THE TASK
Without the pictures, give the records again exactly as they appear.

DATASET START

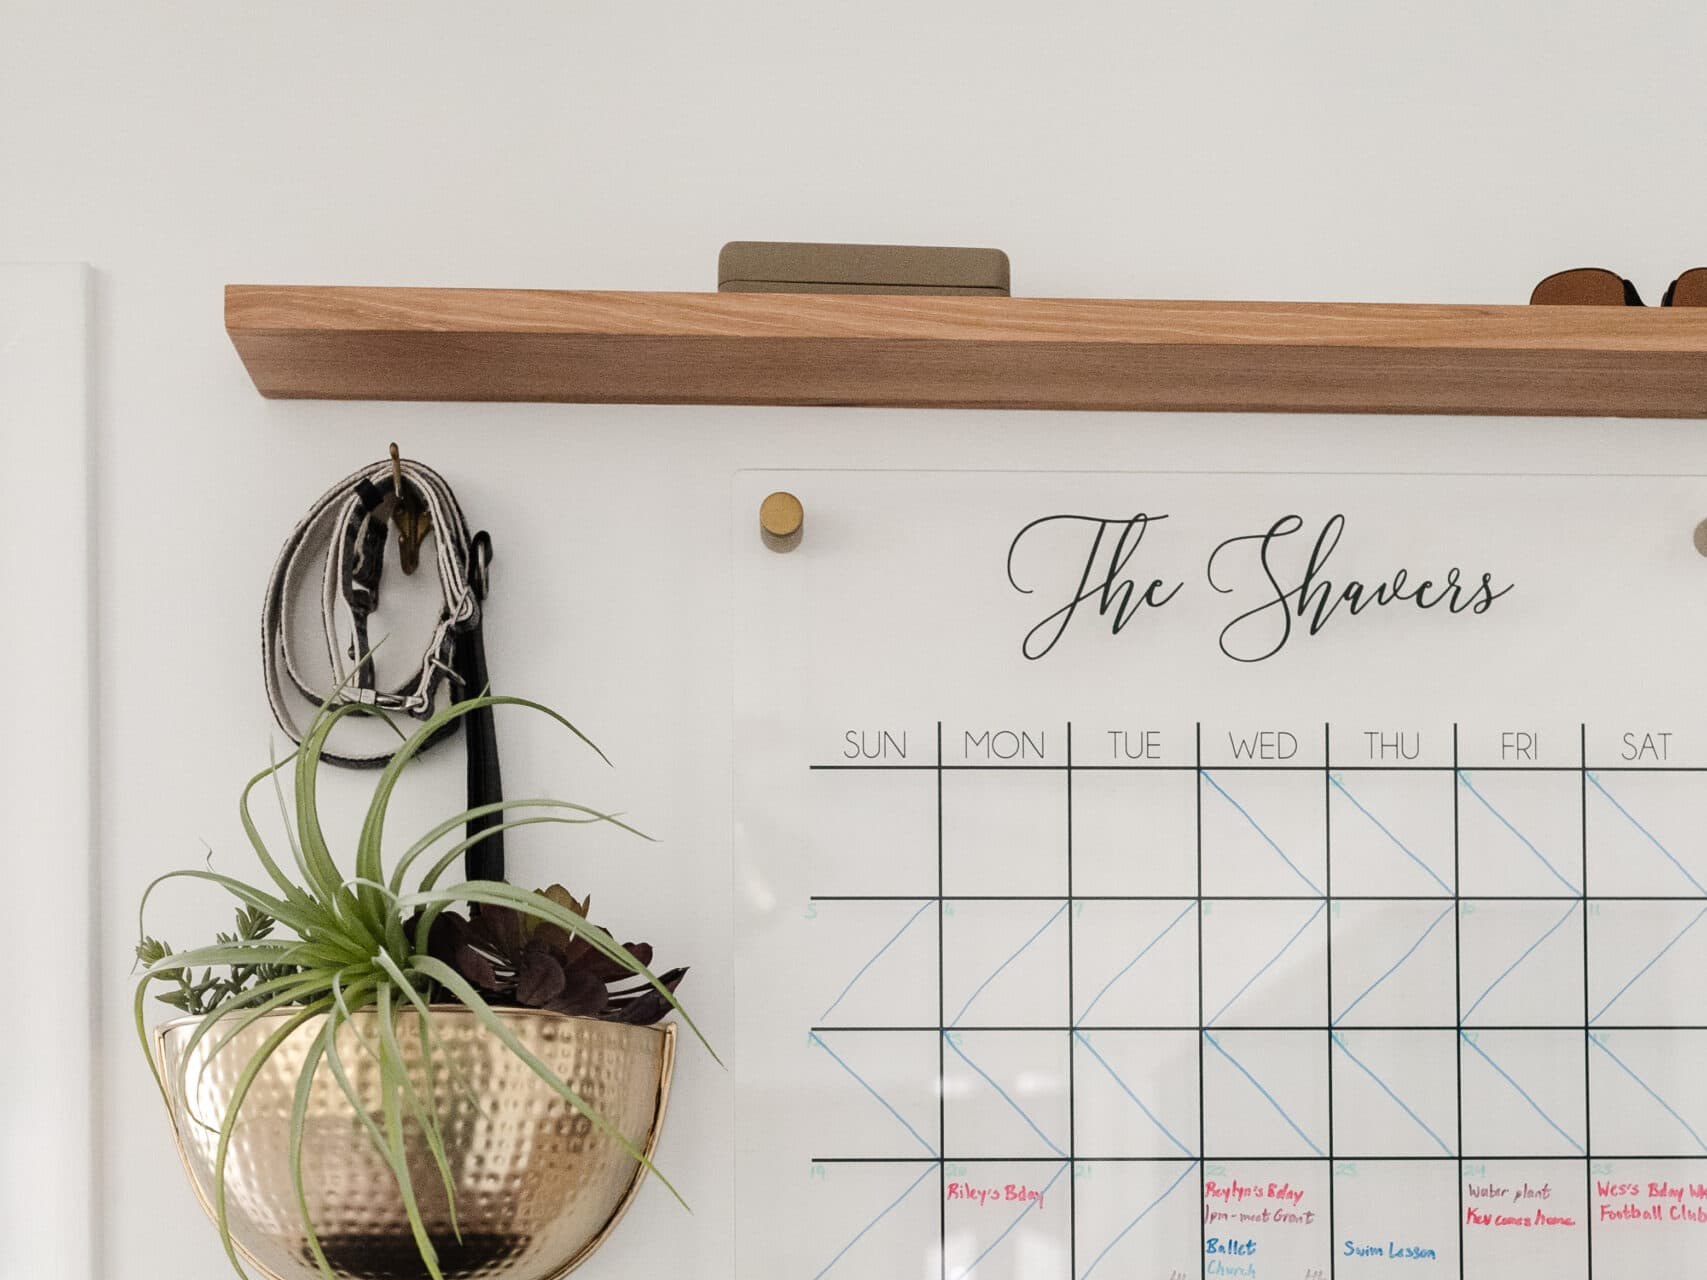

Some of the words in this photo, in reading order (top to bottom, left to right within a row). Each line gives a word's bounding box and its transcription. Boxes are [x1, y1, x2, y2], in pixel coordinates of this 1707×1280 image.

[1008, 513, 1184, 660] The
[1208, 514, 1514, 662] Shavers
[843, 730, 907, 759] SUN
[965, 731, 1045, 759] MON
[1108, 731, 1161, 759] TUE
[1229, 731, 1298, 759] WED
[1364, 731, 1420, 760] THU
[1502, 732, 1538, 760] FRI
[1621, 732, 1673, 760] SAT
[947, 1183, 1000, 1206] Riley's
[1004, 1185, 1044, 1209] Bday
[1267, 1183, 1304, 1207] Bday
[1468, 1183, 1509, 1199] Water
[1512, 1183, 1552, 1204] plant
[1597, 1180, 1640, 1198] Wes's
[1647, 1181, 1684, 1203] Bday
[1273, 1208, 1315, 1225] Grant
[1600, 1203, 1663, 1222] Football
[1669, 1204, 1707, 1223] Club
[1205, 1237, 1257, 1256] Ballet
[1343, 1240, 1384, 1258] Swim
[1388, 1242, 1437, 1261] Lesson
[1207, 1259, 1257, 1279] Church

DATASET END

YOUR SOLUTION
Some of the words in this photo, in reading order (top to bottom, left to right within a row). Each line gives a word's bounding box and its transcription. Boxes are [x1, y1, x2, y2], in pixel coordinates of this 1707×1280 image.

[1008, 513, 1184, 660] The
[1208, 514, 1514, 662] Shavers
[843, 730, 907, 759] SUN
[965, 731, 1045, 759] MON
[1108, 731, 1161, 759] TUE
[1229, 731, 1298, 759] WED
[1364, 731, 1420, 760] THU
[1502, 732, 1538, 760] FRI
[1621, 732, 1673, 760] SAT
[947, 1183, 1000, 1206] Riley's
[1004, 1185, 1044, 1209] Bday
[1267, 1183, 1304, 1207] Bday
[1468, 1183, 1509, 1199] Water
[1512, 1183, 1552, 1204] plant
[1597, 1180, 1640, 1198] Wes's
[1647, 1181, 1684, 1203] Bday
[1273, 1208, 1315, 1225] Grant
[1600, 1203, 1663, 1222] Football
[1669, 1204, 1707, 1223] Club
[1205, 1237, 1257, 1256] Ballet
[1343, 1240, 1384, 1258] Swim
[1388, 1242, 1437, 1261] Lesson
[1207, 1259, 1257, 1279] Church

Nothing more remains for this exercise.